═══ Source data ═══
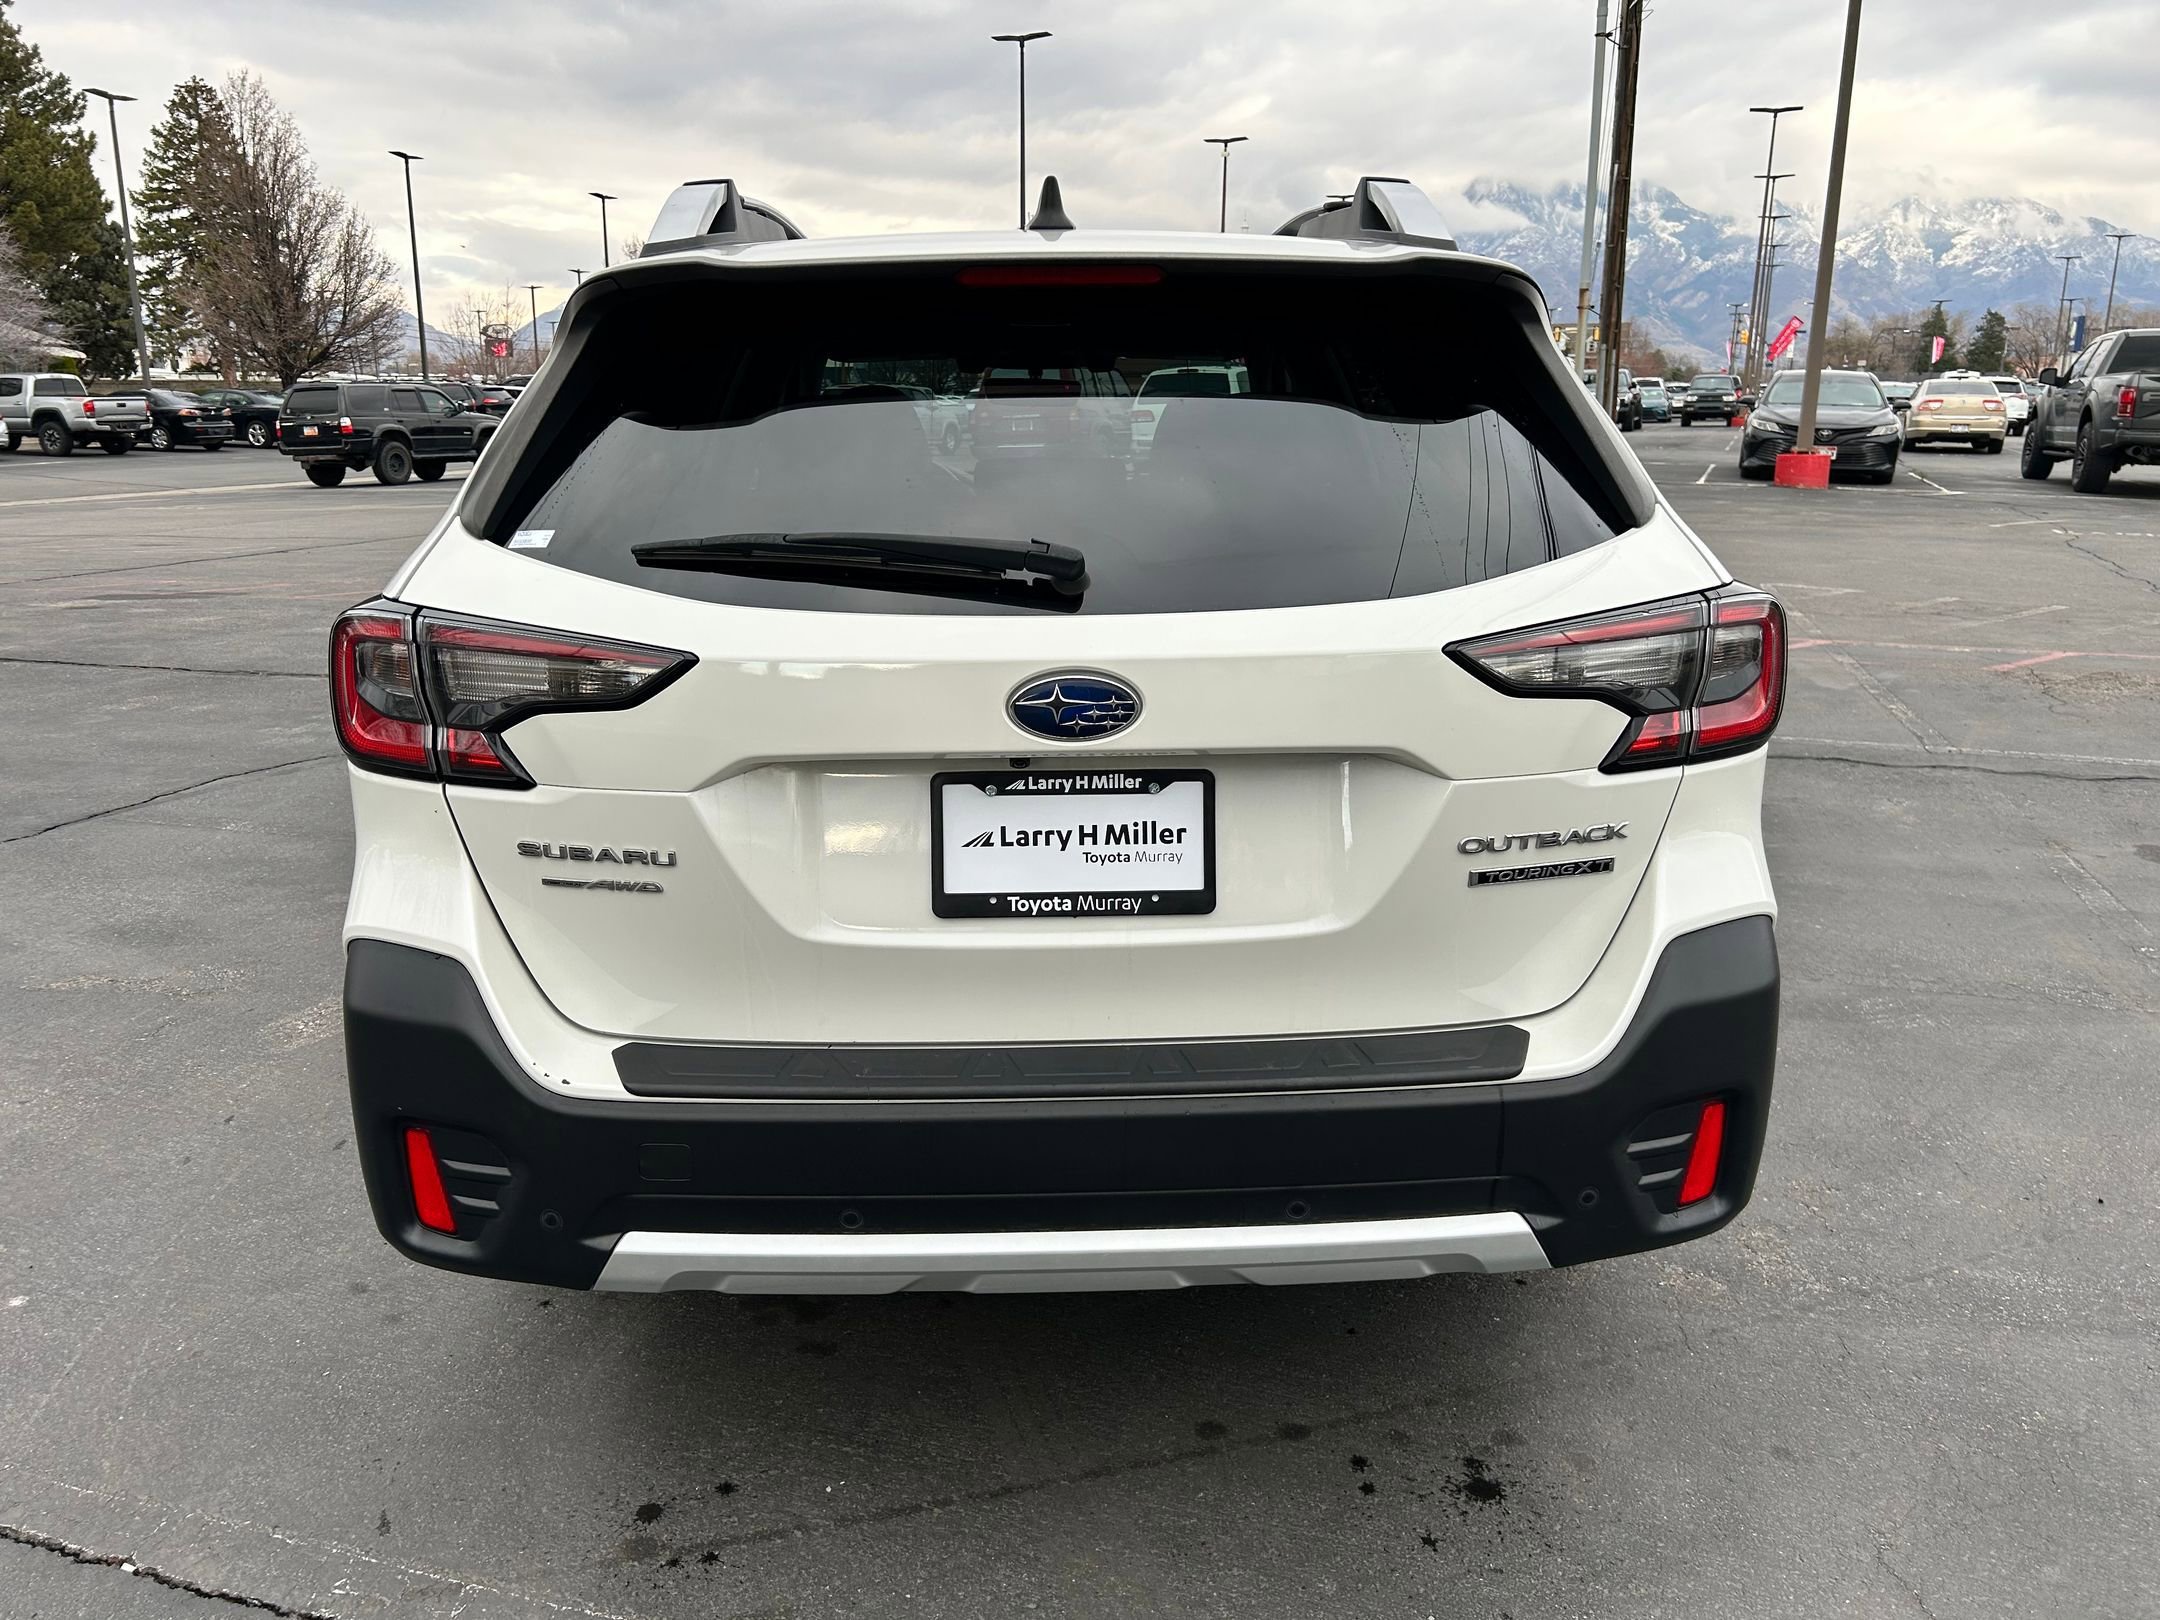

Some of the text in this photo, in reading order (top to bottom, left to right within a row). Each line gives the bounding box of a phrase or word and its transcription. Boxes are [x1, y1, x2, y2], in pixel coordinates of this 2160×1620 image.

[1028, 774, 1142, 792] Larry H Miller
[1000, 821, 1187, 851] Larry H Miller
[1457, 821, 1630, 854] OUTBACK
[516, 840, 677, 867] SUBARU
[1082, 851, 1183, 866] Toyota Murray
[585, 879, 664, 893] AWD
[1007, 894, 1142, 915] Toyota Murray
═══
Would you return the data exactly as written, without the pictures?

Some of the text in this photo, in reading order (top to bottom, left to right within a row). Each line gives the bounding box of a phrase or word and its transcription. Boxes are [x1, y1, x2, y2], in pixel coordinates of this 2160×1620 image.

[1028, 774, 1142, 792] Larry H Miller
[1000, 821, 1187, 851] Larry H Miller
[1457, 821, 1630, 854] OUTBACK
[516, 840, 677, 867] SUBARU
[1082, 851, 1183, 866] Toyota Murray
[585, 879, 664, 893] AWD
[1007, 894, 1142, 915] Toyota Murray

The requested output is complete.